3011 Background: Cyclin-dependent kinases (Cdks) have emerged as important targets in anticancer drug development. P1446A-05 is a potent and specific inhibitor of Cdk4-D1 (IC50-0.09µM), Cdk1-B (IC50-0.025µM), and Cdk9-T (IC50-0.022µM). This study was designed to determine the maximum tolerated dose (MTD), dose limiting toxicity (DLT), safety profile, pharmacokinetics, and antitumor activity of orally administered P1446A-05 in patients with advanced refractory tumors. Methods: This study was conducted at 5 centers in India.
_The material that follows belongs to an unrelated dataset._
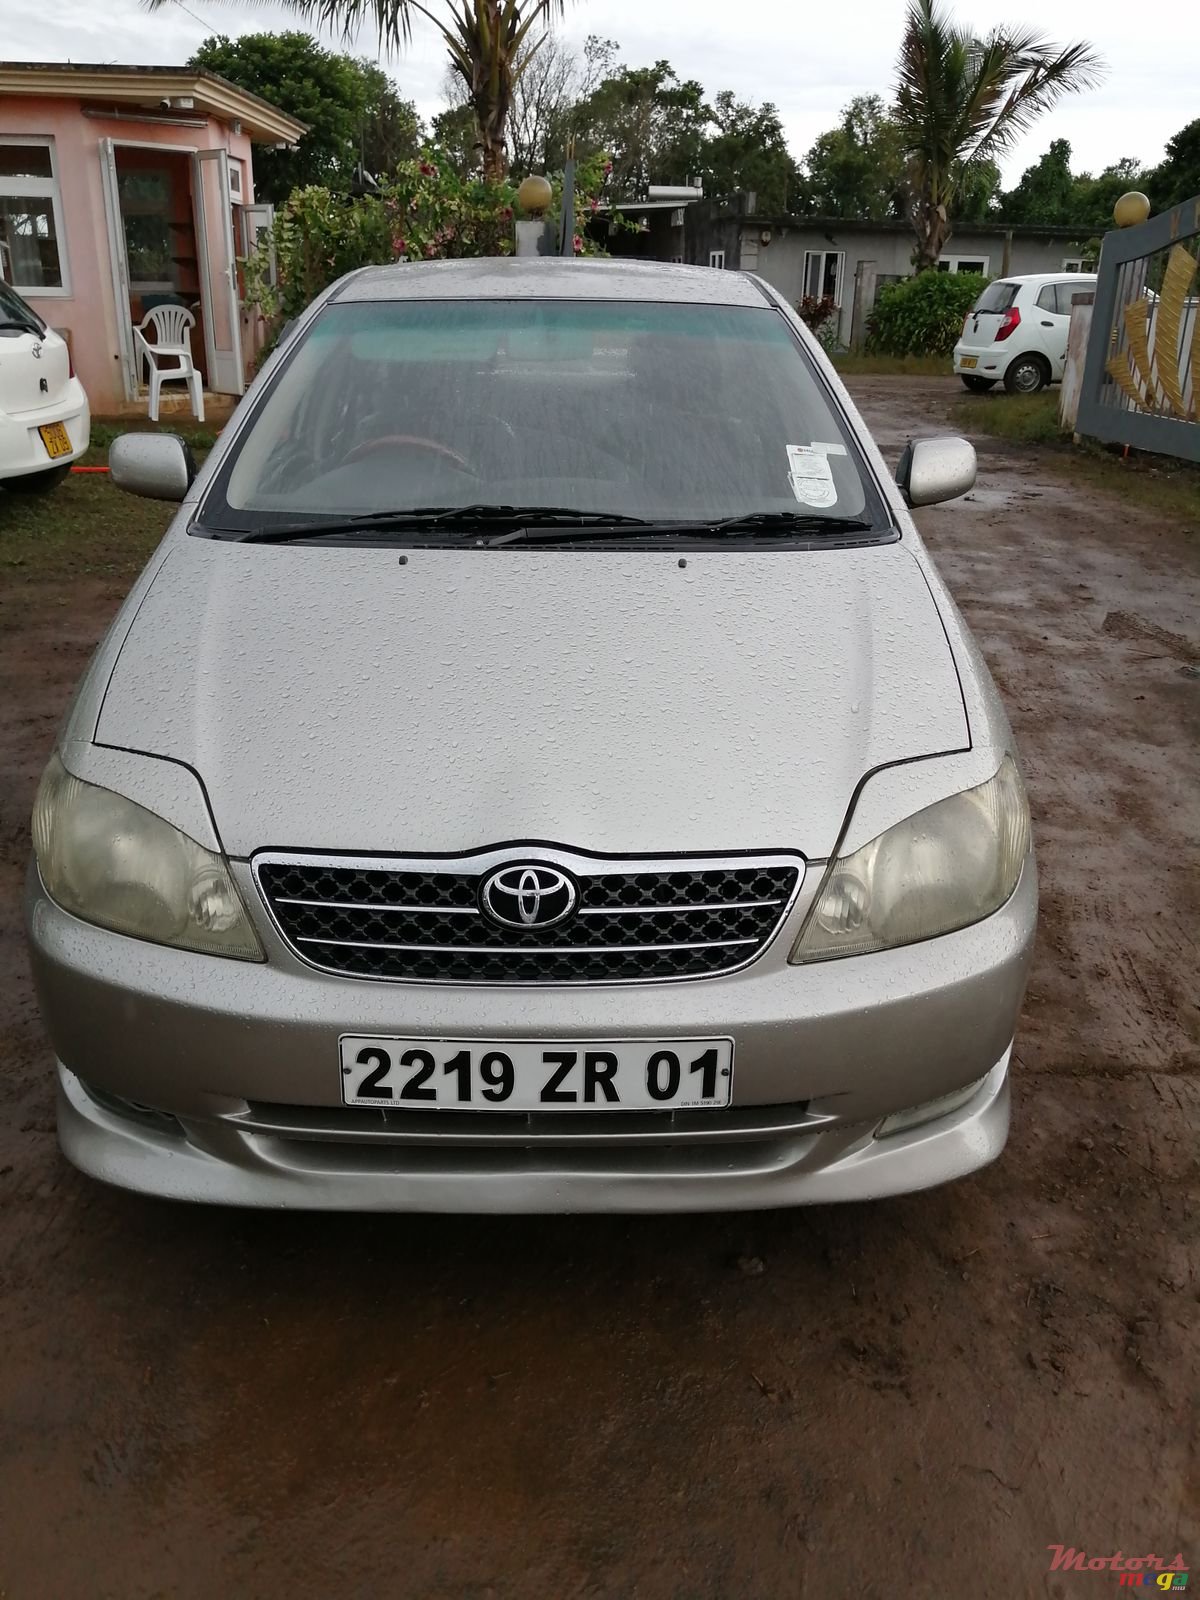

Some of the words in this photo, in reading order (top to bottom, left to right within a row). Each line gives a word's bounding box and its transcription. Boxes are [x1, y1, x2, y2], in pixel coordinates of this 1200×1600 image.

[355, 1047, 515, 1102] 2219
[540, 1051, 621, 1103] ZR
[646, 1048, 719, 1102] 01
P1446A-05 was administered in escalating doses across 5 cohorts of eligible pts starting with a dose of 75 mg once a day (OD) for 14 days in a 21 day cycle utilizing a modified Fibonacci scheme for dose escalation. 10 pts positive for cyclin D1 expression in the tumor were enrolled at MTD. Treatment was continued until unacceptable toxicity or disease progression. For pharmacokinetic analysis, blood samples were collected on days 1 and 13/14 of cycle 1 at multiple time points. In consenting pts, skin and tumor tissue biopsies were collected on days 1 (pre-dose), 8 and 15 of cycle 1. Results: A total of 29 patients were dosed. Two DLTs (abdominal pain and acute renal failure) were reported at 850 mg/d. The MTD was 600 mg/d and diarrhea was reported as 1 DLT at this dose level. Six SAEs including one death related to study drug were reported. Pharmacokinetic analysis demonstrated a median half-life of 16 to 26 h and linear increase in exposure at steady state across tested doses. Plasma concentration at 300 mg/d dose level crossed efficacy exposure of 100mg/kg of five day dosing in SCID mice. The recommended phase II dose is 600 mg OD on this schedule. Stable disease for 4 to 6 cycles was reported in 5 pts. Of them, one patient each with breast cancer, spindle cell sarcoma in neck, and nasopharyngeal carcinoma had cyclin D1 over expression. No objective responses were observed in this group of heavily pretreated patients. Conclusions: The safety profile of P1446A-05 is considered acceptable. On this dosing schedule, the MTD is determined as 600 mg/day. Further testing of P1446A-05 in phase II studies is planned.